Eu... Eu sou adotada? Essa hipótese nunca havia passado antes em minha cabeça. Mas por que eles esconderiam isso de mim? Esse fato da minha vida é muito importante. Me sinto traída agora. Acho que meu dia não pode piorar, mas eu estava errada.

Josh estava no meu quarto dessa vez, estava chorando. Eu sentia a mesma dor que ele. Eu queria poder dizer um “adeus” à ele, ou um “obrigado” por me ajudar nas horas mais difíceis. De repente meu irmão entra no quarto também. Os dois se olham e se beijam. “Jean? Você é gay? Josh, por que não me contou que tinha um caso com meu irmão?” me perguntei. Eu não acreditava no que meus olhos estavam me mostrando, mas era bem real. Não havia nada que eu pudesse fazer.

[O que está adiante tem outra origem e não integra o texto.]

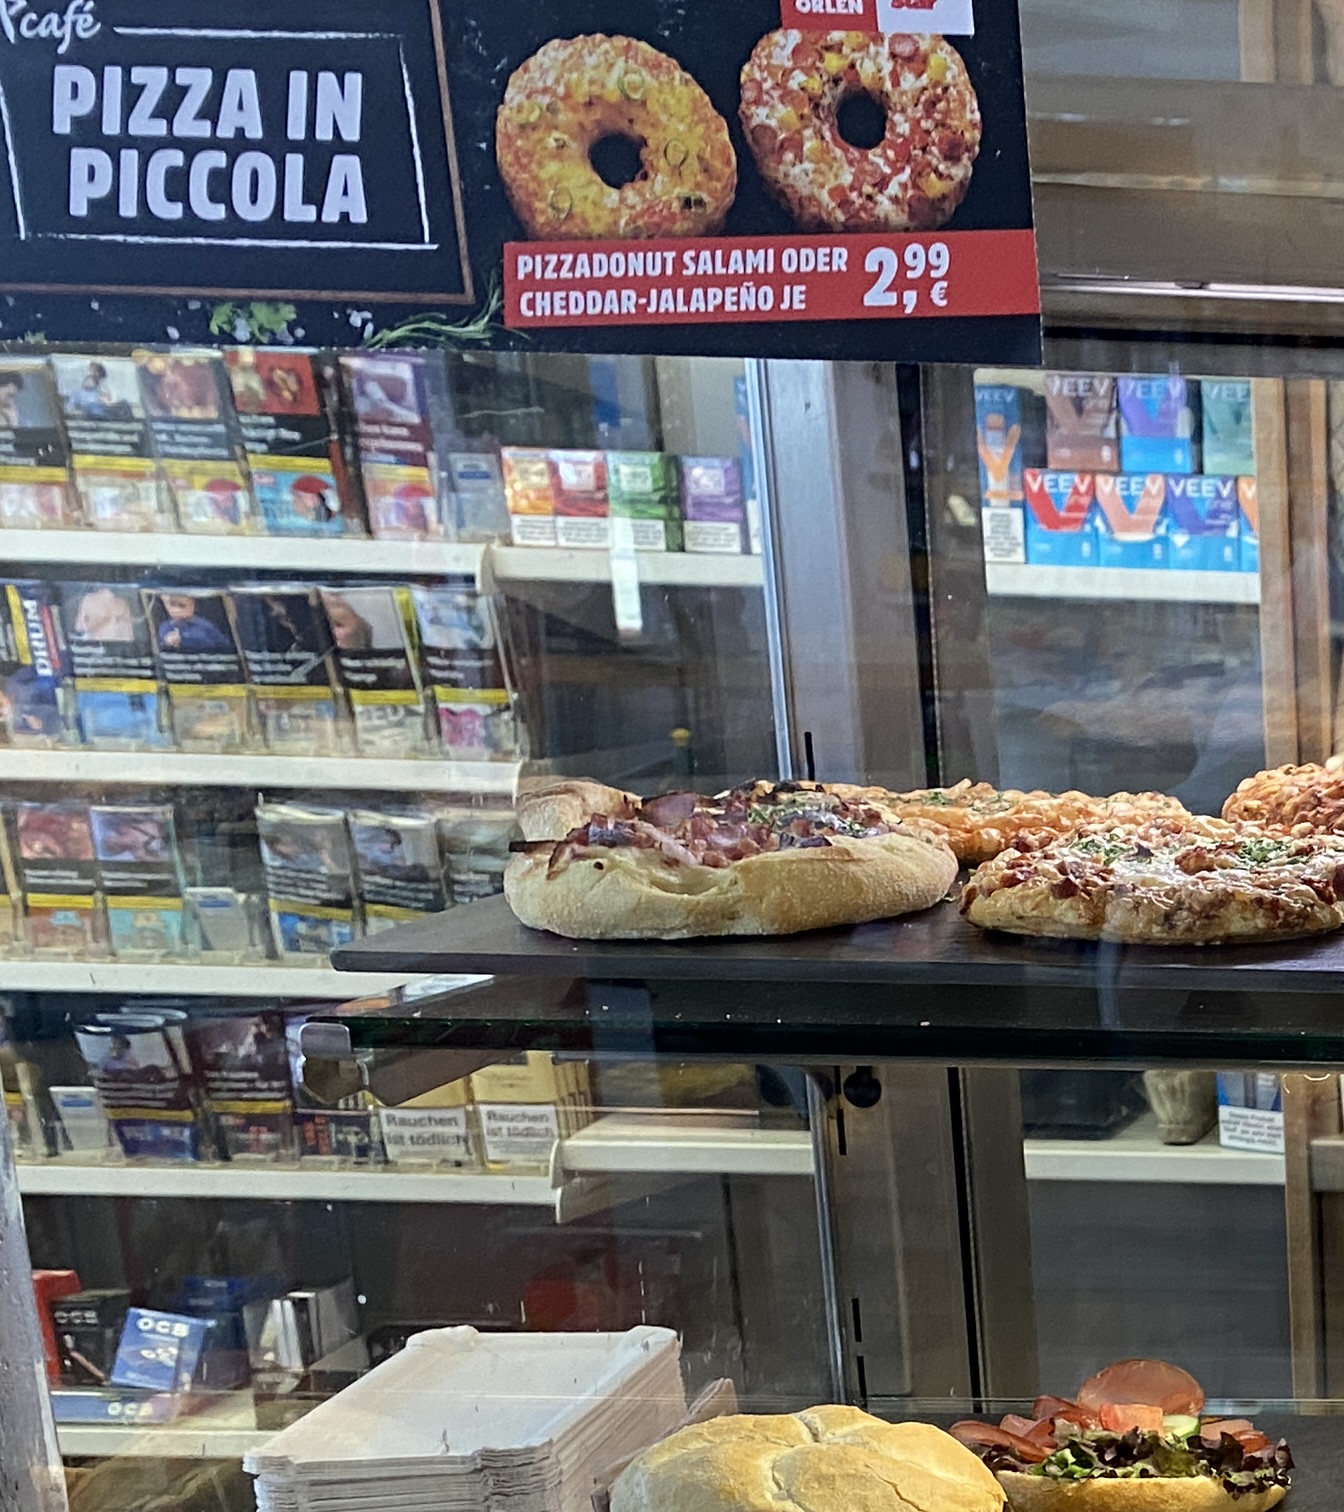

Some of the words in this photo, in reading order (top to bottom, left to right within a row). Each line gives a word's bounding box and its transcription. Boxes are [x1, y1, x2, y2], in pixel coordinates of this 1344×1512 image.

[19, 0, 101, 54] café
[52, 64, 264, 140] PIZZA
[286, 69, 364, 142] IN
[69, 147, 368, 224] PICCOLA
[517, 250, 677, 281] PIZZADONUT
[682, 248, 775, 277] SALAMI
[781, 246, 849, 274] ODER
[519, 281, 774, 318] CHEDDAR-JALAPEÑO
[779, 284, 807, 311] JE
[1025, 472, 1092, 494] VEEV
[1097, 475, 1164, 496] VEEV
[1168, 477, 1236, 498] VEEV
[23, 600, 53, 676] DRUM
[386, 1113, 459, 1128] Rauchen
[486, 1110, 549, 1124] Rauchen
[54, 1309, 99, 1326] OCB
[136, 1317, 190, 1338] OCB
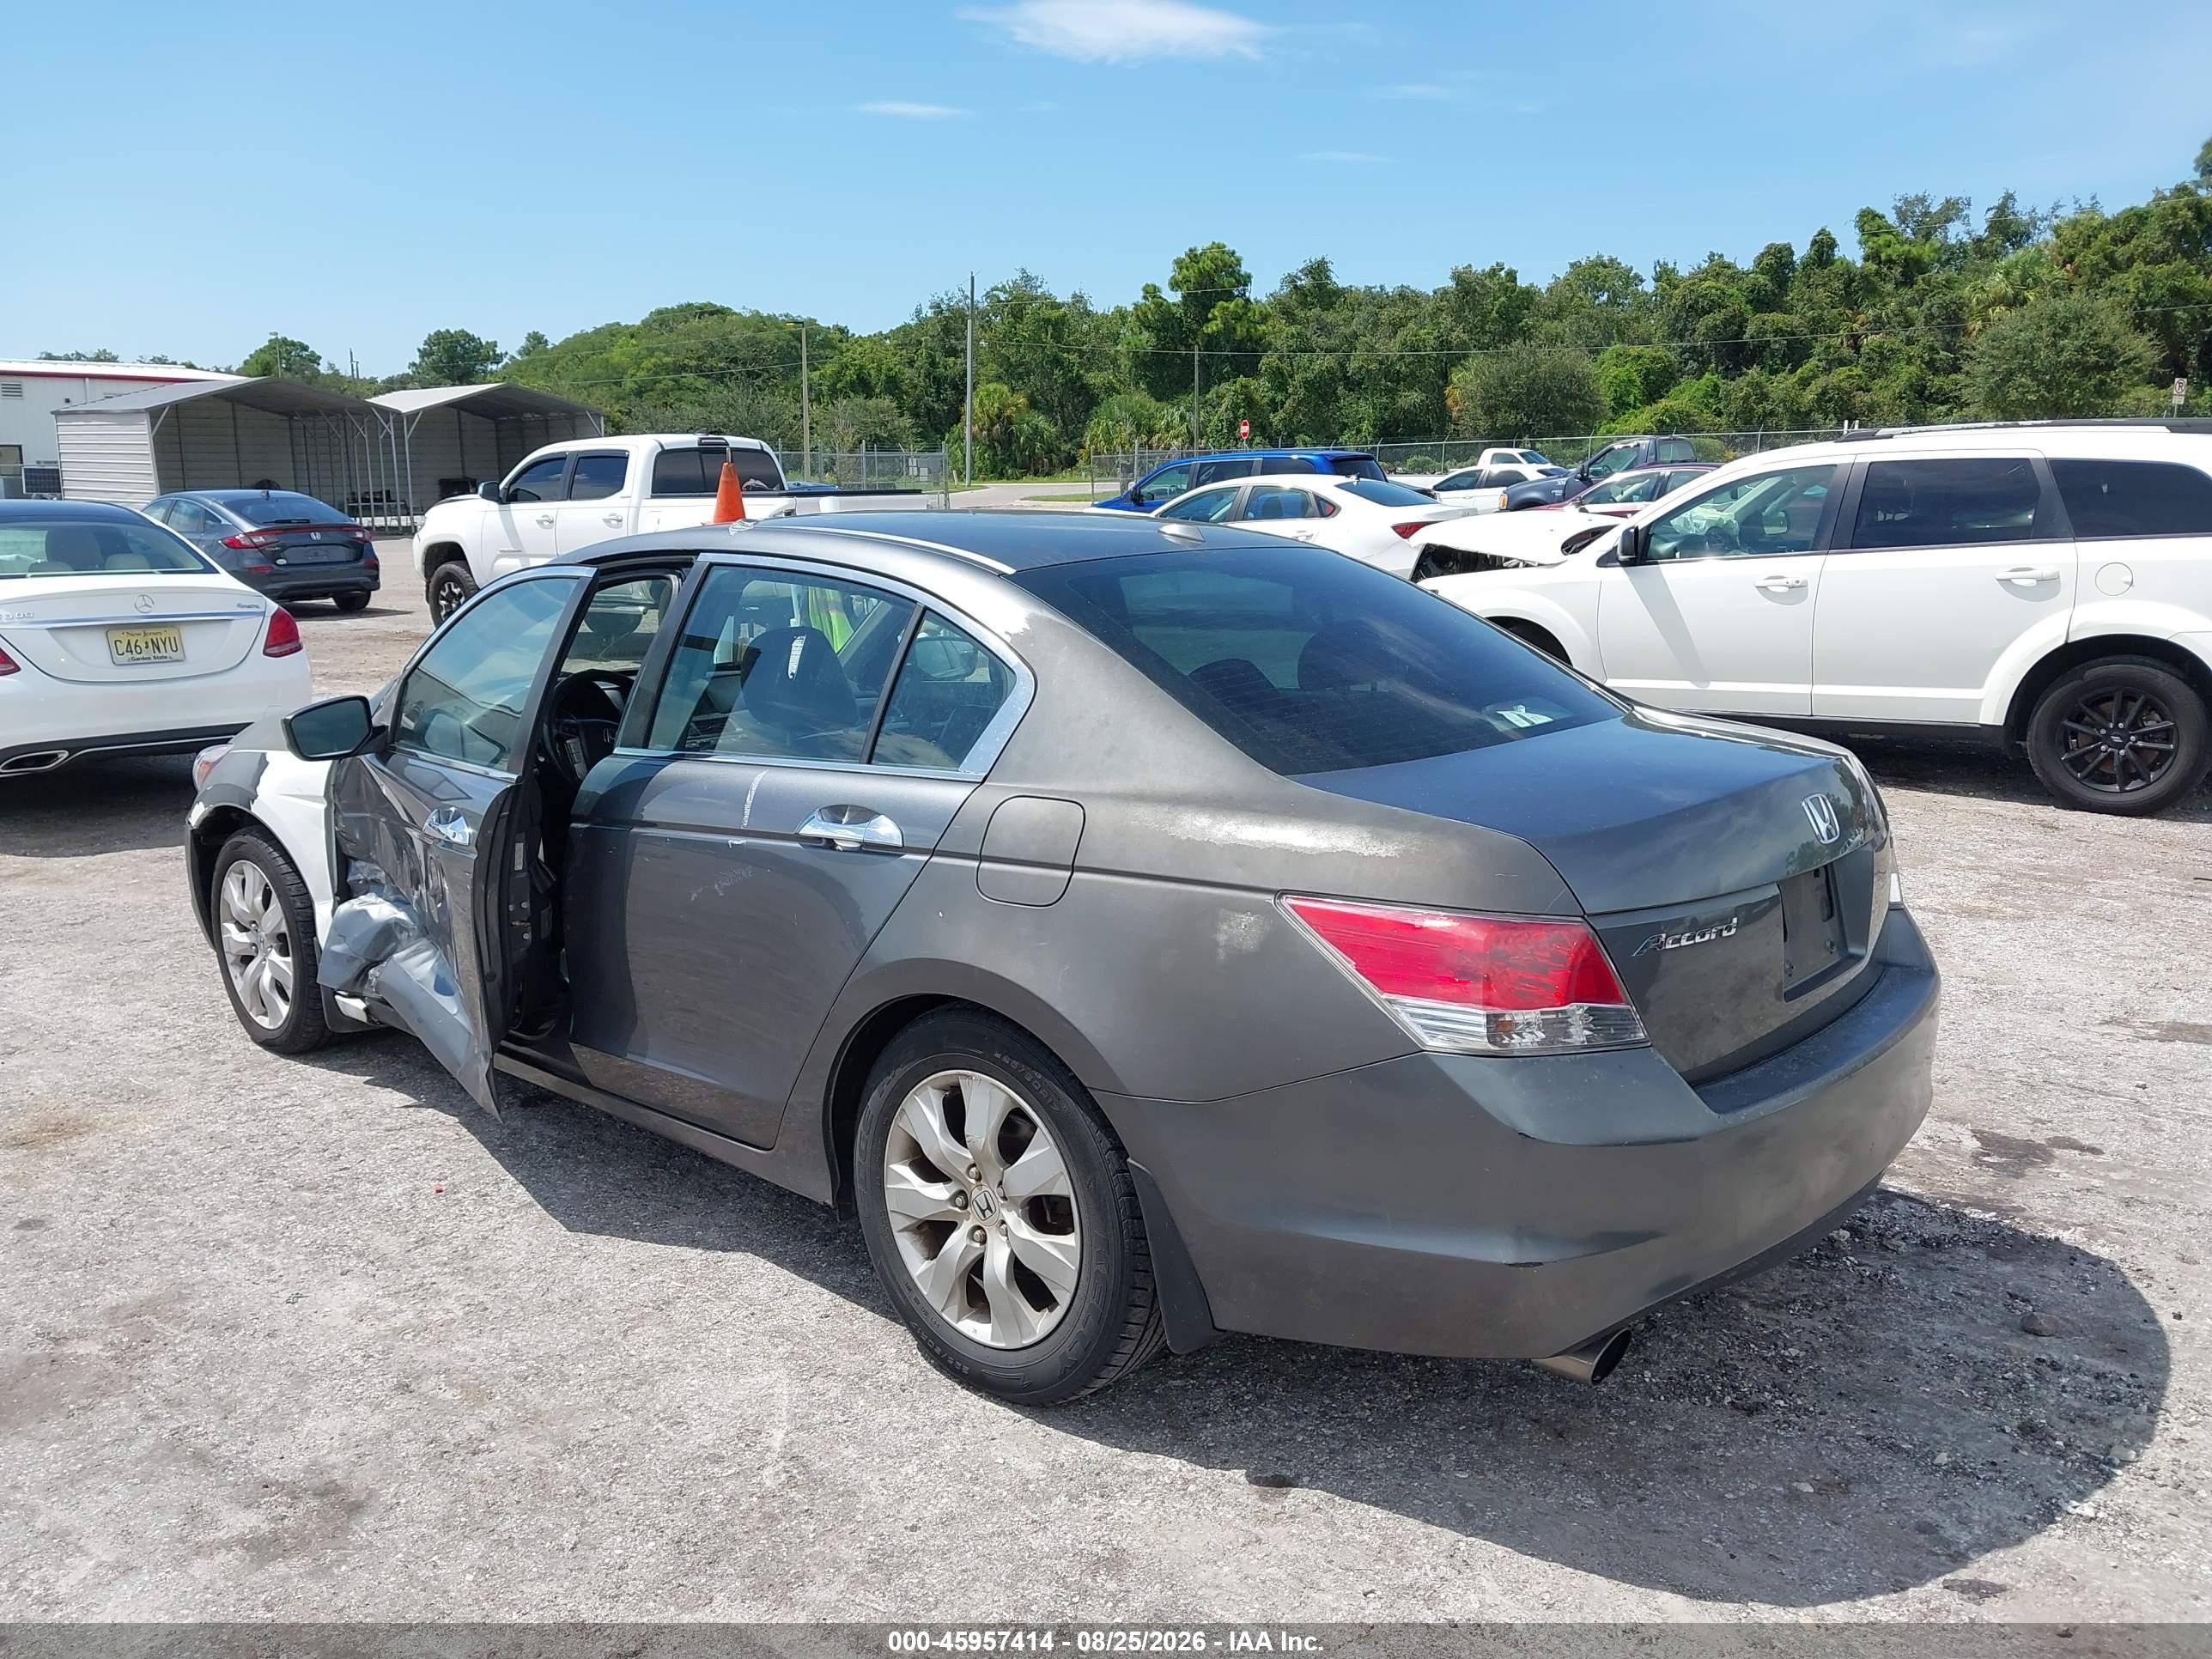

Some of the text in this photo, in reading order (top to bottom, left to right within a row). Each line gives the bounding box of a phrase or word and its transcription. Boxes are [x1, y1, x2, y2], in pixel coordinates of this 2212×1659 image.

Mais alguns dias se passaram, e pude ouvir uma discussão.

–-Você é uma vergonha para nossa família! –grita papai.

–-Por quê? Só porque sou gay? Isso não tem nada haver. O que vale é o caráter! –grita meu irmão.

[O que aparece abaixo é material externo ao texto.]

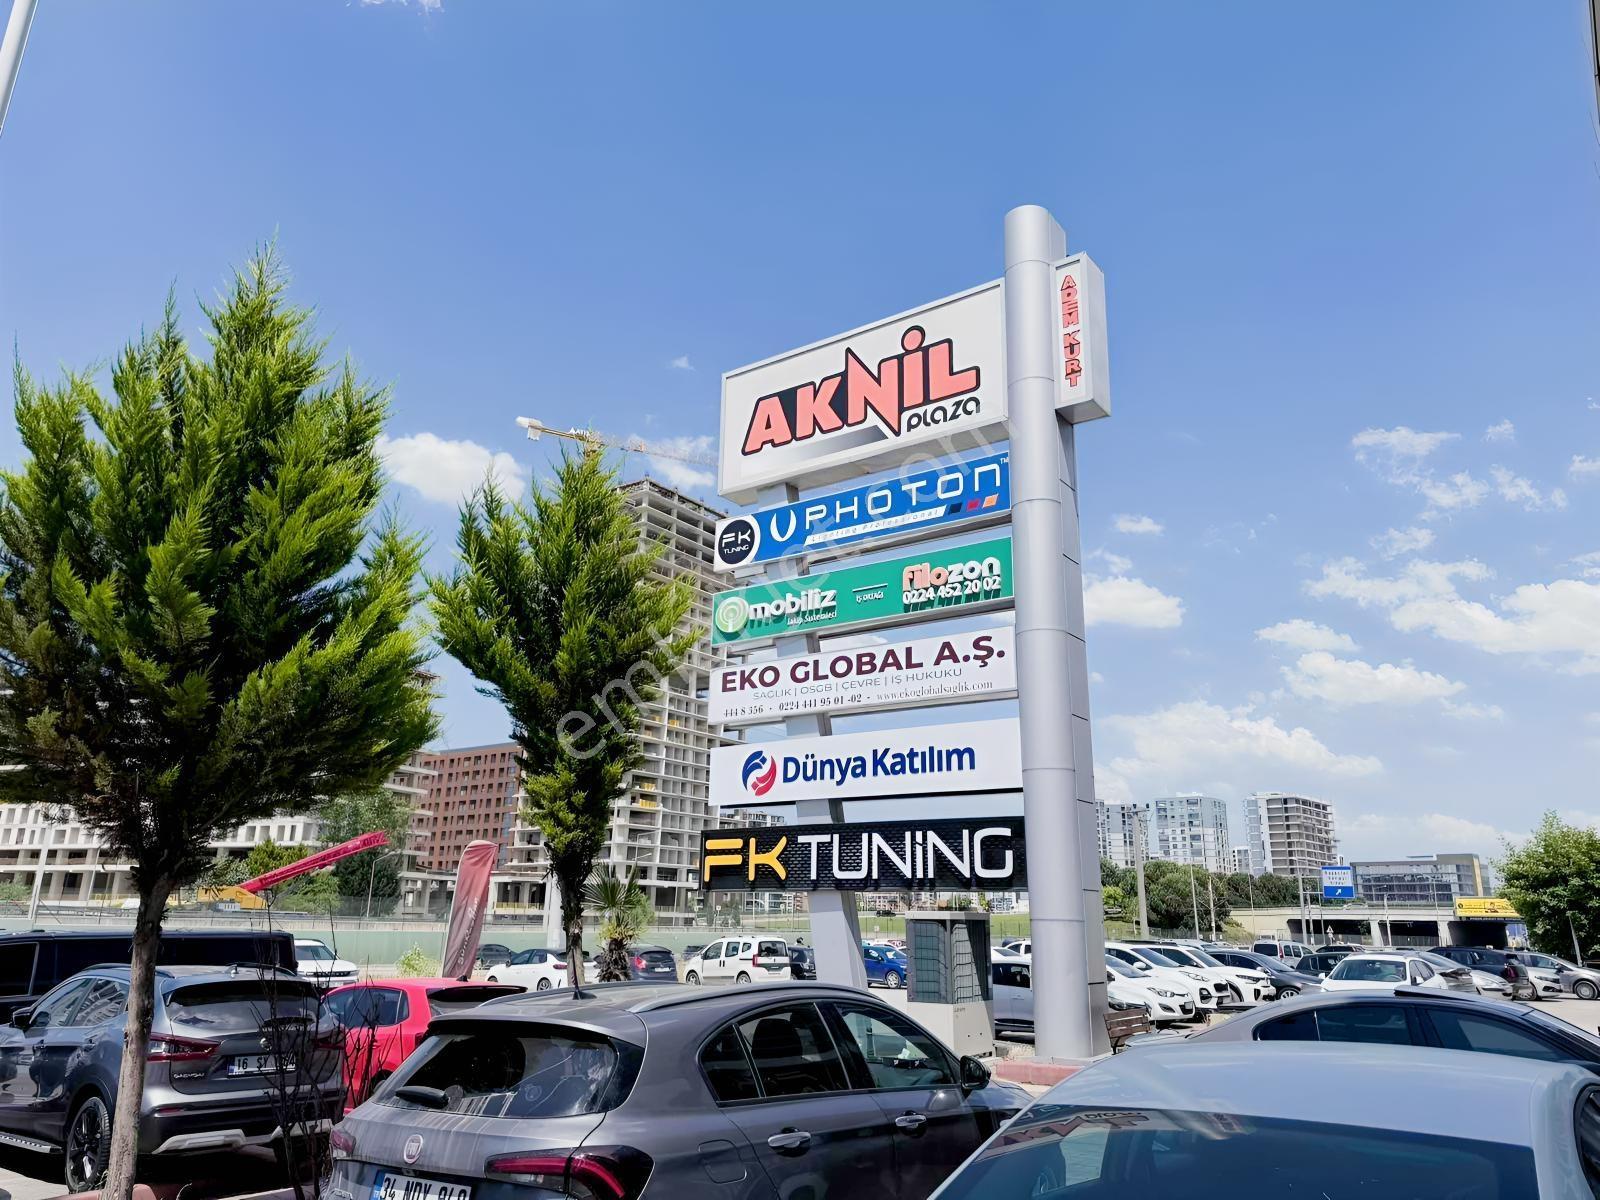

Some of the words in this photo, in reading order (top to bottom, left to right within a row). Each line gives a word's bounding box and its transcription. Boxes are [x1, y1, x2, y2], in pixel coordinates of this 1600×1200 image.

Meu pai da um tapa em sua cara.

–-Aprenda a gostar de mulheres. –ele diz indo embora.

–-Amélia. Onde você foi se meter? –se perguntava meu irmão.

–-Eu estou aqui meu irmão. –falo.

Jean sai dali, mas volta rapidamente com uma mochila em suas costas.

–-Vou fugir, com Josh. Não sei se isso vai dar muito certo, mas eu quero achar a minha felicidade. Me deseje sorte irmãzinha. –diz ele saindo do quarto.

–-Que a sorte esteja com você. –digo sem resposta.

No dia seguinte, Caio foi até minha casa e pediu o espelho para si, como objeto que o lembraria de mim. Claro que minha mãe o deixou levar. Ele o levou até seu quarto e o pendurou. Estava muito contente em estar no quarto do meu namorado, ou ex até uma pequena surpresa. Lívia, uma garota popular da escola, foi visitar Caio, e nisso os dois já foram para o quarto se beijando. Era bem nojento, já que eu nunca tinha dado meu primeiro beijo em Caio. Aquilo foi muito humilhante e decepcionante. A situação só piorou quando os dois transaram na minha frente. Os dois corpos se esfregando um no outro, a sensação era horrível. Depois da cena de sexo dos dois, eu simplesmente não tinha mais estômago para aguentar novas emoções. Foi aí que em um dia, eu estava observando Caio trocar-se de roupa, mesmo depois de tudo o que acontecera com ele e Lívia, eu ainda o amava. Por que quando a gente ama alguém, esse amor não pode simplesmente desaparecer. Ele pode ser guardado ou transformado em ódio, raiva, rancor. Mas eu ainda o amava e esse amor me consumia. Eu o observava quando ele olhou no espelho e se aproximou, parecia que ele estava olhando em meus olhos, foi muito profundo. Tocamos o espelho no mesmo lugar, no mesmo instante.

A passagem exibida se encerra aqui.